In my own therapy and in the six groups I have now been a part of over the last five years, both as participant and facilitator, most of the time is spent learning how to cope with the life we now live in a healthy fashion, learning how to take charge of our own lives, changing destructive behavior patterns, learning to set boundaries, recovering from addictions and compulsive behavior, learning how to live with our spouse, children, and friends, learning how to feel and express those feelings in a healthy, safe way instead of stuffing them or having them spill out everywhere, learning how to let go and move forward when our parents are no longer in our life, and learning how to deal with the day to day struggles that emotionally healthy people seem to do naturally. It took many years to get messed up inside, and it may take many years to undo all the damage and to heal.
But there is hope, and to answer the question, I would have to say we do get on with our life—in fact those of us in recovery are getting on with our lives everyday we hang in there. We may look pretty bad for a while, but so do people going through any other grieving process. The end result is worth it.
As Survivors come to the close of their recovery, they will be able to let you into their life in a closer, more intimate way. They’ll come to the place where they can let it go because they will have gone through the pain, felt the feelings (including anger and unforgiveness), and finally will be able to come to an acceptance of the events of their past.
With that acceptance will possibly be a sense of “wellness”—the realization that, “I am a better person because of what happened. I am more sensitive to other people’s pain, I can help others, I’m more creative,” etc.
Trust the Survivor in your life to know when it’s time. If done prematurely, a Survivor can still suffer after-effects and symptoms as before. The time will come when there will be no more haunting memories to sort through, no more re-victimization going on. Tools will be ingrained to help through the difficult times. There will be a good support system in place and an ability to utilize that support. There will be an awareness of distorted thinking and the skills to combat it. The Survivor will be ready to face life boldly and confidently because she or he has faced the ugly demons of the past and won. It will come.
You can help, too. Give the Survivor time and space. Don’t worry about the different stages you see her or him in. Survivors can get stuck at times or reach a plateau, but I haven’t seen them stay stuck as long as they continue their recovery work and have the needed support. Plateaus can be an important part of the process to give time for reflection or changing focus. Also, you might experience this time as a relief.
It helps to remember that you don’t have to fix the Survivor. That will only frustrate you both if you try. Just be there. Let the Survivor guide you in what is needed. It may be just listening, holding, or encouraging. You can facilitate in the healing process by sharing in the pain and rejoicing in the victories.
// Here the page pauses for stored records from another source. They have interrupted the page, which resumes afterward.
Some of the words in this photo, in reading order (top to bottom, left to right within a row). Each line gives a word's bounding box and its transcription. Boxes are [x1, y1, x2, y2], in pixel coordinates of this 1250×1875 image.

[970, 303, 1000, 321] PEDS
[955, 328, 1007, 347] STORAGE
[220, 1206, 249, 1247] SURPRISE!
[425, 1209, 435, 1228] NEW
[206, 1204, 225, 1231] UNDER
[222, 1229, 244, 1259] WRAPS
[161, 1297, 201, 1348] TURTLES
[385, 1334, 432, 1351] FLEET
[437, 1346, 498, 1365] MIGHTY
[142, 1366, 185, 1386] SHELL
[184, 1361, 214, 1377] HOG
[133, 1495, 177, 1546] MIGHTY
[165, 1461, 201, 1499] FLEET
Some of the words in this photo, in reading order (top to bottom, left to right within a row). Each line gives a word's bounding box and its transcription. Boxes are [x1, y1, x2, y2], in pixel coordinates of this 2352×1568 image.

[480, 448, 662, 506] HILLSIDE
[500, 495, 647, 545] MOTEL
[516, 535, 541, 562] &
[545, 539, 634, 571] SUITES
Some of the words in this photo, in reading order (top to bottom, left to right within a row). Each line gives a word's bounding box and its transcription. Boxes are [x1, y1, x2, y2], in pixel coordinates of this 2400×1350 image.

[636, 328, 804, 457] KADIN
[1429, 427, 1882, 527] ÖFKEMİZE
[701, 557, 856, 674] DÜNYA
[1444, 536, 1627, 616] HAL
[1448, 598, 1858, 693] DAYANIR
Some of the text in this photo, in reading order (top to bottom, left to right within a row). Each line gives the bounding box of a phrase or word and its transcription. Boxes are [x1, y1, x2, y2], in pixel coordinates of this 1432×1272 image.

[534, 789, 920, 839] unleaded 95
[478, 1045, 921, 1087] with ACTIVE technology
Finally, you can use this opportunity to get in touch with your own issues as well. As the Survivor lets you in on the pain, struggles, and the victories, it may bring up things for you. Grow along with your loved one. When the Survivor is no longer in crises, let her or him help you with your struggles. This will help keep balance in the relationship and will also help in the Survivor’s own healing.
Being a part of a Survivors life can be a rewarding opportunity as you watch and participate in the miracle of healing in a life that has been damaged by sexual abuse.